A little knowledge...

so one is forced to conclude that PaV doesn't know very much about the biology of cell death (or possibly biology at all).

Dave had visions again: This time he noticed Mendelian Genetics and the Genetic Code exploding. Soon there'll be nothing left from common biological knowledge.

THE STUPID! IT BURNS!

I mean, geez, sparc, did you have to do that! I felt my eyeballs melting from the concentrated idiocy. Couldn't they at least put a minute fraction of effort into actual science, instead of this concentrated nonsense. It makes the UFO fanatics seem logical.

And Dave Scott, yeah, acording to him every new discovery is the detah of some aspect of biology. Pity it wasn't predicted by any ID types, and it's just another "materialistic" genetic mechanisms that follows the central dogma. Sheesh!

There is a ring of "irreducibility" to the idea of a "program", since each part of a "program" is indispensable and likewise an integral part of the program's intended output. Genetics is looking everyday to be more and more like an exercise in computer programming---just as IDists have predicted.

Look, here's a non-irreducibly complex program. function y=addoneto(x) y=x+1 y=y+0 end

That whole post can be summed up as "Heh! The evolutionists said 'program'!"

...from that post:

"This is just very good programming.

Go God!"

Based on the math presented there [in Behe & Snoke], it appears that this sort of mutation combination could arise about 10^14 times a year, or something like 100 trillion times a year.

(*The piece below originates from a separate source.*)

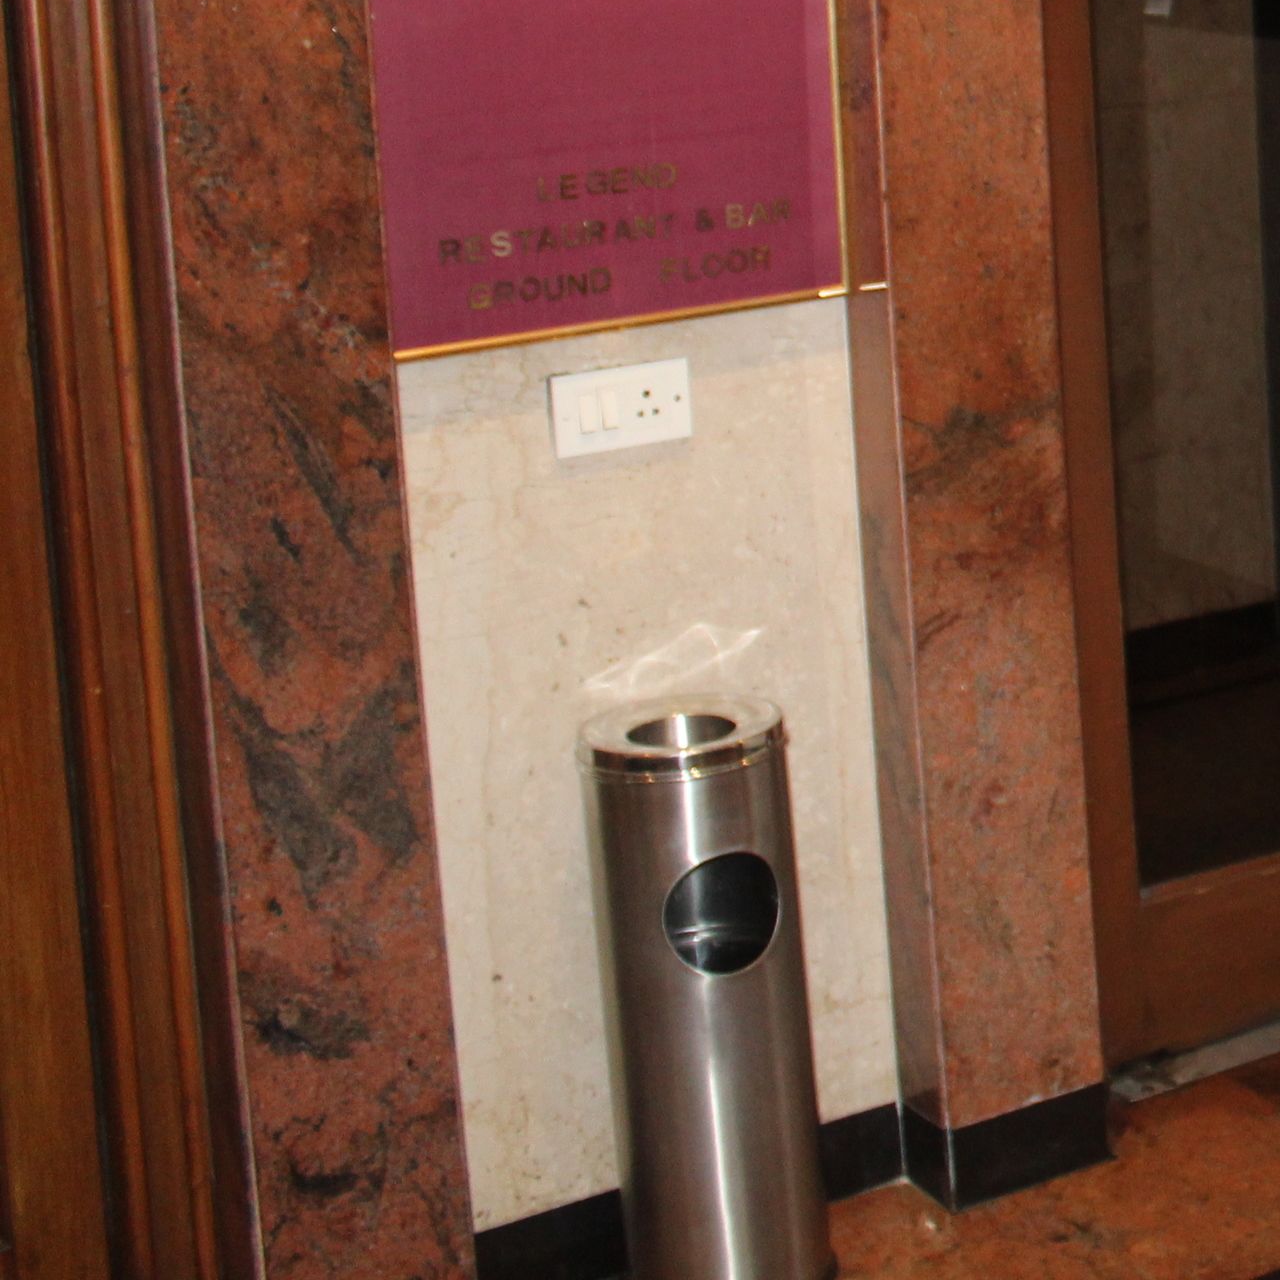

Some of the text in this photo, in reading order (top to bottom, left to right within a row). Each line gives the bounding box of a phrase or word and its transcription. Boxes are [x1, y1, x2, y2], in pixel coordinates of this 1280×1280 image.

Rule #2: Every evolutionary biologist must take a class in computer programming.

(waits for someone to check the approval queue...)

Yes, but we know that computer programs can in fact be irreducibly complex. A couple of lifetimes ago I submitted a short job to the university computer center. Unburst from the one page of output that was mine was the entire 100 pages or so of the university's Cobol program for printing payroll checks.

Naturally, I browsed through this to see what real Cobol looked like. There was one page of code, with comments at the top:

"This routine is never executed because it is no longer called by any other routine. However, when I delete this code, the program no longer works."

The comment was signed and dated, as one might expect, by the maintenance programmer.

Come to think of it, the whole history of software engineering has been the result of realizing that all programs eventually become irreducibly complex through the normal evolutionary path we call the software lifecycle.

I just realized I have about a dozen journal articles I should write on this topic, viz. irreducible complexity evolving from unintelligent design. But I am not sure off the top of my head that I know which side of the PT argument I'm going to be on by the time I finish these masterpieces.

(waits for someone to check the approval queue...)

— Steve S

Re "This routine is never executed because it is no longer called by any other routine. However, when I delete this code, the program no longer works."

Maybe the module defined something - a variable or a smaller function - that does get used somewhere?

Maybe the code generated for the module inserts space between two other things that don't work without the spacing?

Maybe I'm getting a bit off topic with these speculations?

Bye now. Also exit return and logoff.

Henry

Overwhelming Evidence now has a wiki.

http://en.wikipedia.org/wiki/Overwhelming_Evidence

Perhaps something about their references to non-journal articles as examples of journal articles needs to be included?

I think that a lot of these folks are very literal thinkers. (This is my own opinion based on my own observations). PaV took the word "program" literally and is so literal minded it seems he can not even conceive of the idea of a metaphor. They also tend to think highly of technicalities and will hold them up as if they are real evidence or even feel that a technicality will trump real evidence. It's about winning the game more than trying to understand anything. At first I thought that literal thinking was always a sign of unintelligence but now I think it's more like a learning disability.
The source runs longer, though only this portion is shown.